··· THE INPUT

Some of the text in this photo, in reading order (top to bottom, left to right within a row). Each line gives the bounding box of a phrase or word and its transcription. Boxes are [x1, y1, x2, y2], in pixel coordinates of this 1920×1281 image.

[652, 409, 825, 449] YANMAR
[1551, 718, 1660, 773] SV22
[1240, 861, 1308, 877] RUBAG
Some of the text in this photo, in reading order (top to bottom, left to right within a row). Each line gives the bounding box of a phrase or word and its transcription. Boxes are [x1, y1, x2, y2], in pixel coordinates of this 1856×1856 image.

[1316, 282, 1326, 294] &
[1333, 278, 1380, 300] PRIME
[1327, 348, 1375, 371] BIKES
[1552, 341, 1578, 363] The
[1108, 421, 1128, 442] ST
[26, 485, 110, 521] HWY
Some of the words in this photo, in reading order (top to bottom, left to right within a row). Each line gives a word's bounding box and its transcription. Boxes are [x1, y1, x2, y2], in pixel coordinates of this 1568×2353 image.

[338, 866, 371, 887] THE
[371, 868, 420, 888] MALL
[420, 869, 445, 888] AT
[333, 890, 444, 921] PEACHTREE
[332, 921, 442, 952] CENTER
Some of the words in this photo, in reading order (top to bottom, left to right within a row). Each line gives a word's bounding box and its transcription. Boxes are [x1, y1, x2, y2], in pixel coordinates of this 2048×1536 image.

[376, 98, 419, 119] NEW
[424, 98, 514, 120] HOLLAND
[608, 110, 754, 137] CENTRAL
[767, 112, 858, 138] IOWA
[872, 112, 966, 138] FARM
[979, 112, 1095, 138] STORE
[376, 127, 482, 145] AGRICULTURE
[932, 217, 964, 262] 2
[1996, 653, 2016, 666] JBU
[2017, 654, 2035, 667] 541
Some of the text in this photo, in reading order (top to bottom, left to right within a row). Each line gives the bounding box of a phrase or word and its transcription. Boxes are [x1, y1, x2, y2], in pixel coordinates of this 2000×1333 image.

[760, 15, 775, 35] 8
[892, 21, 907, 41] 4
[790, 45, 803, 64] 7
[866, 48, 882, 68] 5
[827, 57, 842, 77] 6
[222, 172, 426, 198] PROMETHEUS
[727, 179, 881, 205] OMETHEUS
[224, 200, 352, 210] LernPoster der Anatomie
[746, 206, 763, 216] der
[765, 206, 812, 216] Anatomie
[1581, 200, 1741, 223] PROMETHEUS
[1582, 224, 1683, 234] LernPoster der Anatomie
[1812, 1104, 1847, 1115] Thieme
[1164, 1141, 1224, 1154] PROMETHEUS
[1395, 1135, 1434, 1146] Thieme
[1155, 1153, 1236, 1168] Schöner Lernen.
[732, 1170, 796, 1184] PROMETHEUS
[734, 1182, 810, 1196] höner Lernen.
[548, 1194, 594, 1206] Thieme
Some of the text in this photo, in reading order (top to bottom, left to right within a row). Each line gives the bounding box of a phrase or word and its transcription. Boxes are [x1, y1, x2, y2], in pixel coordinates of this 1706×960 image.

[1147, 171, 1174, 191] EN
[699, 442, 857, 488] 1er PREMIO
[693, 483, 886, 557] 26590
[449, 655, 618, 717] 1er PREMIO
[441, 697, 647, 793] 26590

······

The answer must be all of the entries, restated exactly.

Some of the text in this photo, in reading order (top to bottom, left to right within a row). Each line gives the bounding box of a phrase or word and its transcription. Boxes are [x1, y1, x2, y2], in pixel coordinates of this 1920×1281 image.

[652, 409, 825, 449] YANMAR
[1551, 718, 1660, 773] SV22
[1240, 861, 1308, 877] RUBAG
Some of the text in this photo, in reading order (top to bottom, left to right within a row). Each line gives the bounding box of a phrase or word and its transcription. Boxes are [x1, y1, x2, y2], in pixel coordinates of this 1856×1856 image.

[1316, 282, 1326, 294] &
[1333, 278, 1380, 300] PRIME
[1327, 348, 1375, 371] BIKES
[1552, 341, 1578, 363] The
[1108, 421, 1128, 442] ST
[26, 485, 110, 521] HWY
Some of the words in this photo, in reading order (top to bottom, left to right within a row). Each line gives a word's bounding box and its transcription. Boxes are [x1, y1, x2, y2], in pixel coordinates of this 1568×2353 image.

[338, 866, 371, 887] THE
[371, 868, 420, 888] MALL
[420, 869, 445, 888] AT
[333, 890, 444, 921] PEACHTREE
[332, 921, 442, 952] CENTER
Some of the words in this photo, in reading order (top to bottom, left to right within a row). Each line gives a word's bounding box and its transcription. Boxes are [x1, y1, x2, y2], in pixel coordinates of this 2048×1536 image.

[376, 98, 419, 119] NEW
[424, 98, 514, 120] HOLLAND
[608, 110, 754, 137] CENTRAL
[767, 112, 858, 138] IOWA
[872, 112, 966, 138] FARM
[979, 112, 1095, 138] STORE
[376, 127, 482, 145] AGRICULTURE
[932, 217, 964, 262] 2
[1996, 653, 2016, 666] JBU
[2017, 654, 2035, 667] 541
Some of the text in this photo, in reading order (top to bottom, left to right within a row). Each line gives the bounding box of a phrase or word and its transcription. Boxes are [x1, y1, x2, y2], in pixel coordinates of this 2000×1333 image.

[760, 15, 775, 35] 8
[892, 21, 907, 41] 4
[790, 45, 803, 64] 7
[866, 48, 882, 68] 5
[827, 57, 842, 77] 6
[222, 172, 426, 198] PROMETHEUS
[727, 179, 881, 205] OMETHEUS
[224, 200, 352, 210] LernPoster der Anatomie
[746, 206, 763, 216] der
[765, 206, 812, 216] Anatomie
[1581, 200, 1741, 223] PROMETHEUS
[1582, 224, 1683, 234] LernPoster der Anatomie
[1812, 1104, 1847, 1115] Thieme
[1164, 1141, 1224, 1154] PROMETHEUS
[1395, 1135, 1434, 1146] Thieme
[1155, 1153, 1236, 1168] Schöner Lernen.
[732, 1170, 796, 1184] PROMETHEUS
[734, 1182, 810, 1196] höner Lernen.
[548, 1194, 594, 1206] Thieme
Some of the text in this photo, in reading order (top to bottom, left to right within a row). Each line gives the bounding box of a phrase or word and its transcription. Boxes are [x1, y1, x2, y2], in pixel coordinates of this 1706×960 image.

[1147, 171, 1174, 191] EN
[699, 442, 857, 488] 1er PREMIO
[693, 483, 886, 557] 26590
[449, 655, 618, 717] 1er PREMIO
[441, 697, 647, 793] 26590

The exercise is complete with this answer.